• **ASSIGNED TASK**
Your answer should be the full data, transcribed exactly, with no pictures in it.

(SOURCE DATA begins)

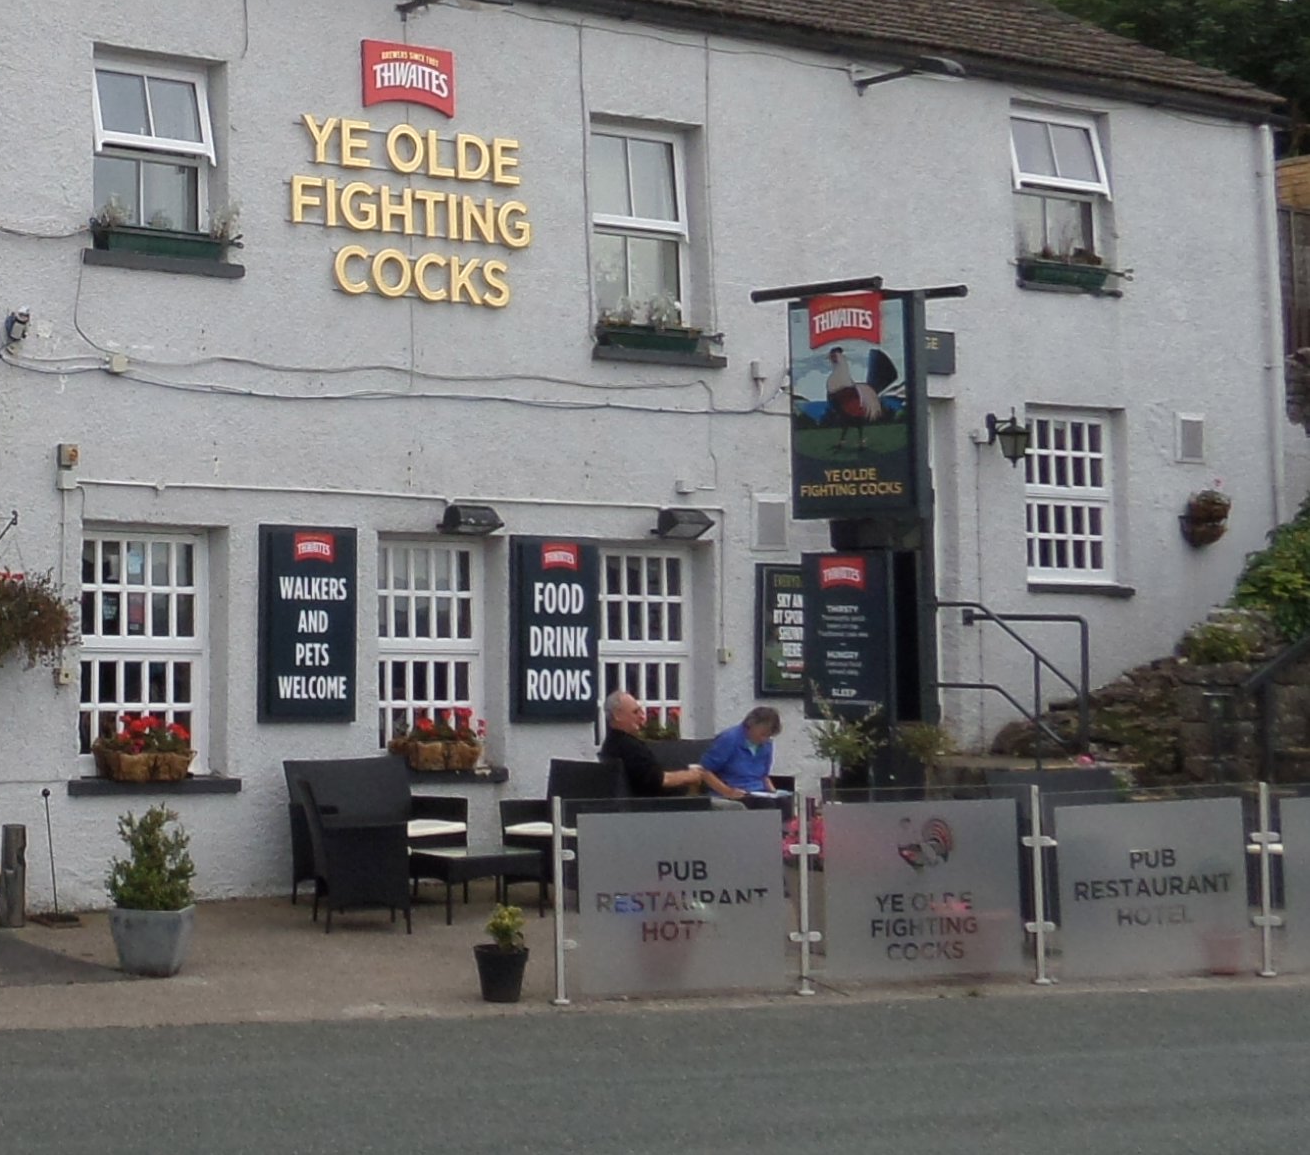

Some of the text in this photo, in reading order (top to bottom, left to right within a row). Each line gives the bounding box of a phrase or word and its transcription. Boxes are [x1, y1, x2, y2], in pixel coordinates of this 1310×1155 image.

[373, 62, 448, 98] THWAITES
[301, 113, 521, 185] YE OLDE
[292, 175, 531, 248] FIGHTING
[334, 245, 510, 307] COCKS
[813, 308, 873, 334] THWAITES
[824, 467, 877, 482] YE OLDE
[800, 482, 903, 497] FIGHTING COCKS
[279, 576, 347, 601] WALKERS
[534, 582, 584, 614] FOOD
[792, 593, 803, 608] AN
[297, 610, 328, 633] AND
[530, 625, 589, 658] DRINK
[295, 642, 330, 666] PETS
[278, 675, 347, 699] WELCOME
[526, 668, 592, 701] ROOMS
[657, 860, 708, 881] PUB
[1130, 848, 1176, 869] PUB
[1074, 873, 1232, 901] RESTAURANT
[876, 894, 904, 913] YE
[1117, 904, 1192, 926] HOTEL
[871, 917, 978, 937] FIGHTING
[887, 941, 964, 960] COCKS
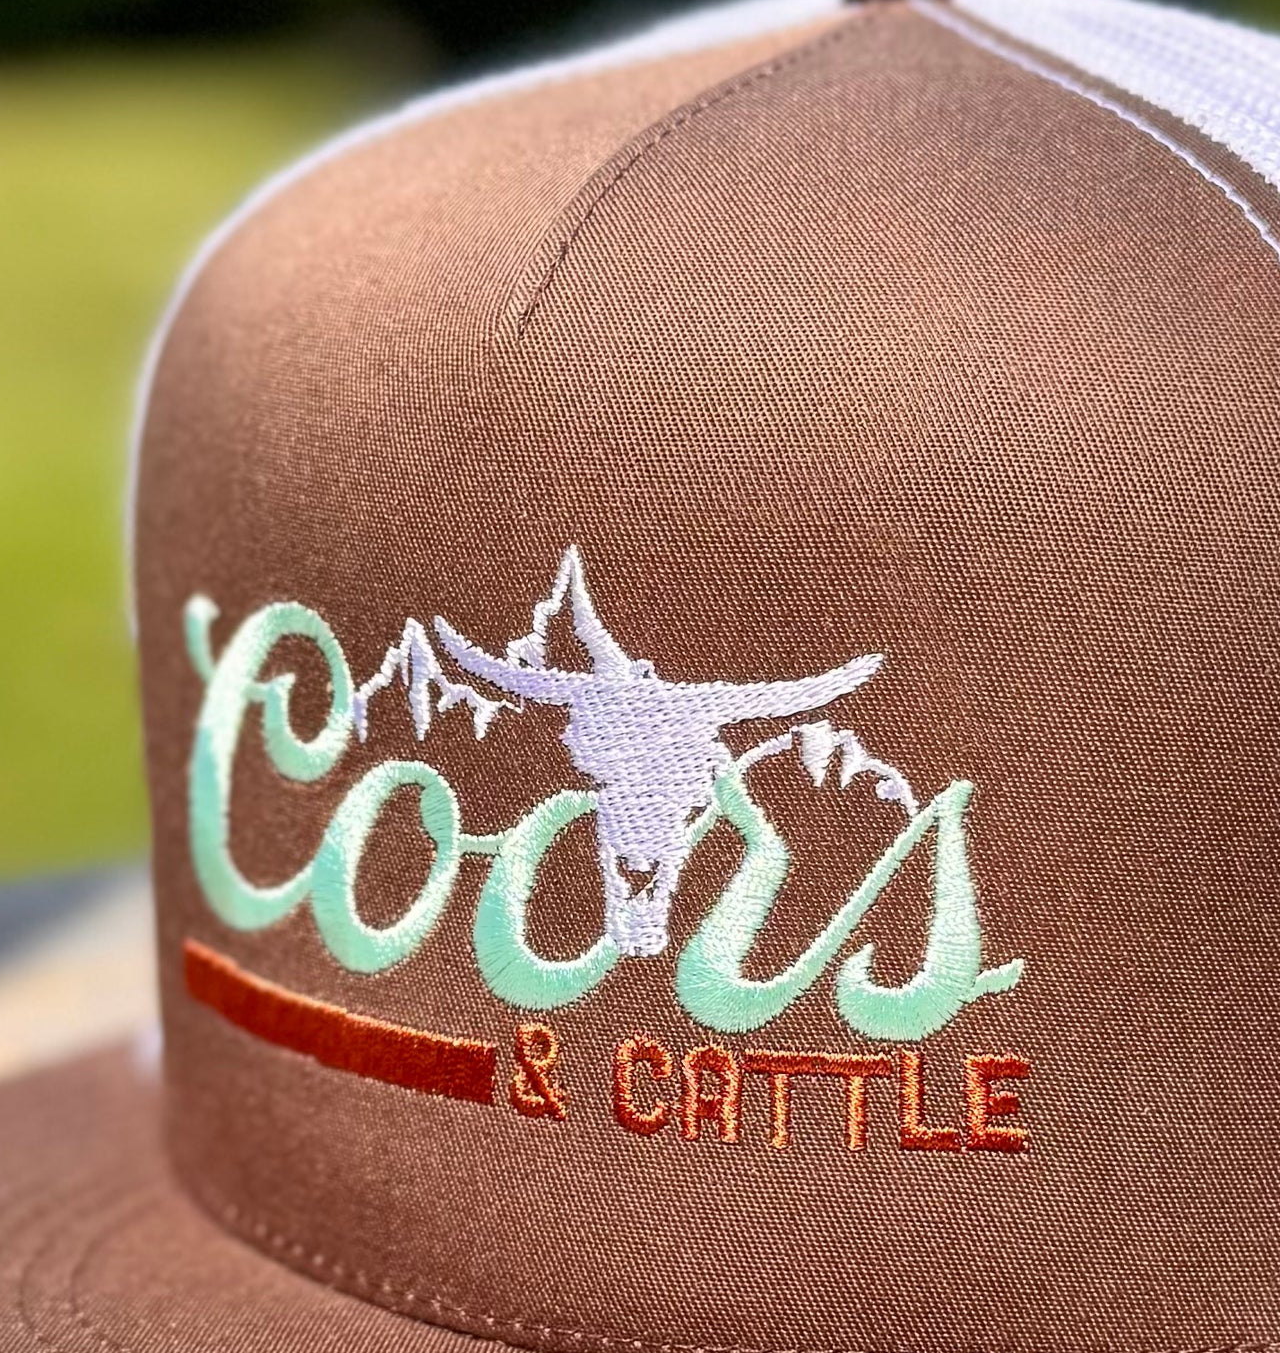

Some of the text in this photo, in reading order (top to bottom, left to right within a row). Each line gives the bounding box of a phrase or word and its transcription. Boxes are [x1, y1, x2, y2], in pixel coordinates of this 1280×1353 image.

[184, 593, 1025, 1041] Coors
[509, 1022, 1030, 1153] & CATTLE

(SOURCE DATA ends)

• **ANSWER TO THIS EXERCISE**
Some of the text in this photo, in reading order (top to bottom, left to right within a row). Each line gives the bounding box of a phrase or word and its transcription. Boxes are [x1, y1, x2, y2], in pixel coordinates of this 1310×1155 image.

[373, 62, 448, 98] THWAITES
[301, 113, 521, 185] YE OLDE
[292, 175, 531, 248] FIGHTING
[334, 245, 510, 307] COCKS
[813, 308, 873, 334] THWAITES
[824, 467, 877, 482] YE OLDE
[800, 482, 903, 497] FIGHTING COCKS
[279, 576, 347, 601] WALKERS
[534, 582, 584, 614] FOOD
[792, 593, 803, 608] AN
[297, 610, 328, 633] AND
[530, 625, 589, 658] DRINK
[295, 642, 330, 666] PETS
[278, 675, 347, 699] WELCOME
[526, 668, 592, 701] ROOMS
[657, 860, 708, 881] PUB
[1130, 848, 1176, 869] PUB
[1074, 873, 1232, 901] RESTAURANT
[876, 894, 904, 913] YE
[1117, 904, 1192, 926] HOTEL
[871, 917, 978, 937] FIGHTING
[887, 941, 964, 960] COCKS

Some of the text in this photo, in reading order (top to bottom, left to right within a row). Each line gives the bounding box of a phrase or word and its transcription. Boxes are [x1, y1, x2, y2], in pixel coordinates of this 1280×1353 image.

[184, 593, 1025, 1041] Coors
[509, 1022, 1030, 1153] & CATTLE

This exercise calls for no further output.